Foto: Divulgação/Grande Consumo

 

A celebrar a quadra festiva e o final do ano, o Rocim lança um vinho natural, o Pet Nat, oriundo do Vale da Mata, Lisboa.

O nome é uma abreviação de “Pétillant Naturel”, uma expressão francesa que significa espumante natural, ou seja, é um vinho produzido de forma natural, seguindo métodos tradicionais e sem adição de leveduras ou açúcares. O vinho é engarrafado antes de completar a fermentação e esta é finalizada na garrafa, o que permite ir libertando o gás natural que o caracteriza. Um vinho único do terroir muito específico das Cortes, em Leiria, onde é produzido, adiantam os enólogos, Catarina Vieira e Pedro Ribeiro. Já disponível para compra, com um PVP de 10.99, é um vinho mais leve, com baixo teor alcoólico, que segue as novas tendências de consumo.

Vale da Mata Pet Nat

Os vinhos Vale da Mata são produzidos numa pequena vinha que está na família Vieira há várias gerações, nas Cortes, perto de Leira, entre a Serra de Aire e Candeeiros e o Atlântico. Uma zona “especial”, com um microclima único, que fica muito perto da serra e muito perto do mar. “Quando iniciámos o projeto de reabilitação da vinha e recuperámos esta tradição familiar, sempre quisemos respeitar a memória do Avô Manuel e fazer vinhos autênticos, naturais, que respeitassem integralmente a vocação natural do terroir da região.

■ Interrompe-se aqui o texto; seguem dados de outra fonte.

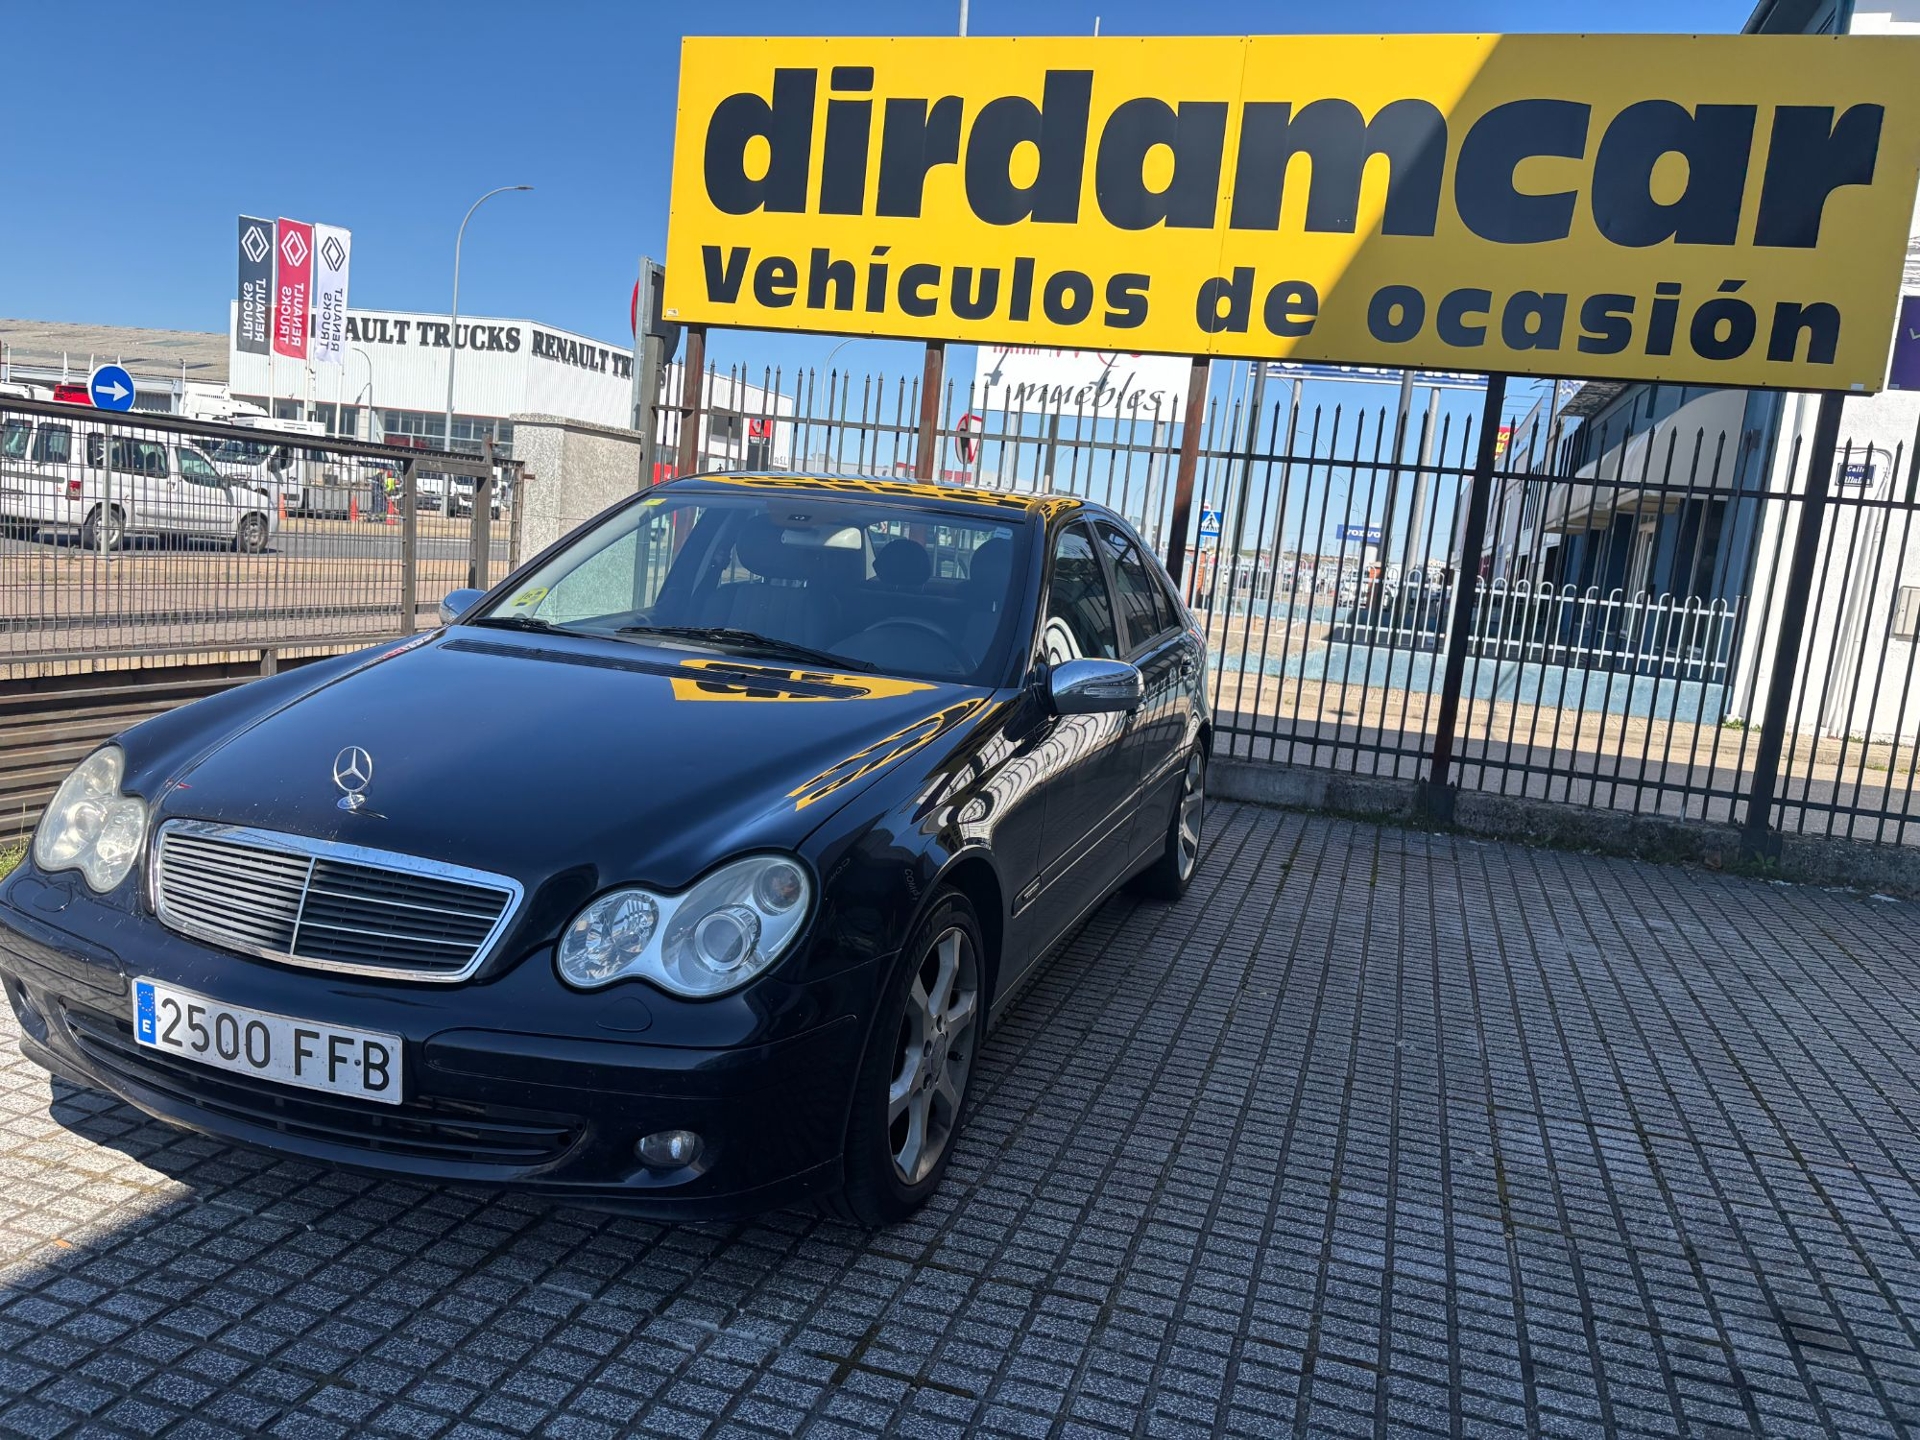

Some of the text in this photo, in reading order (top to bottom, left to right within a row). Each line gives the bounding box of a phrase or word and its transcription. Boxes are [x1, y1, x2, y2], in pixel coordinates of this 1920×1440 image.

O Vale da Mata Pet Nat faz parte desta ‘homenagem’ às origens, com a produção de um vinho com utiliza um método de vinificação ancestral”, conta Catarina Vieira.

Para Pedro Ribeiro, “o nosso Pet Nat foi produzido exatamente como o imaginámos: foi vinificado em depósitos de cimento para realçar a fruta primária e terminou a fermentação em garrafa, sempre a uma temperatura controlada. Teve um estágio de 14 meses sobre a própria borra e não fez ‘dégorgement’, o que lhe traz alguma turvação”.

O Vale da Mata Pet Nat tem 90% de Tinta Roriz, 5% de Vital e 5% de Arinto. Estas duas últimas castas são emblemáticas da região de Lisboa e evidenciam o seu lado Atlântico. É um vinho leve e refrescante, que deve ser servido, idealmente, entre os 6 e os 8 ºC.

Para os criadores, é um vinho que pode ser bebido sozinho, num ambiente de descontração, mas que também combina muito bem com diferentes tipos de pratos. Sendo produzido tão perto do mar, a sua frescura e acidez são perfeitos para tudo o que venha do Oceano como mariscos, peixes grelhados, sushis e sashimis.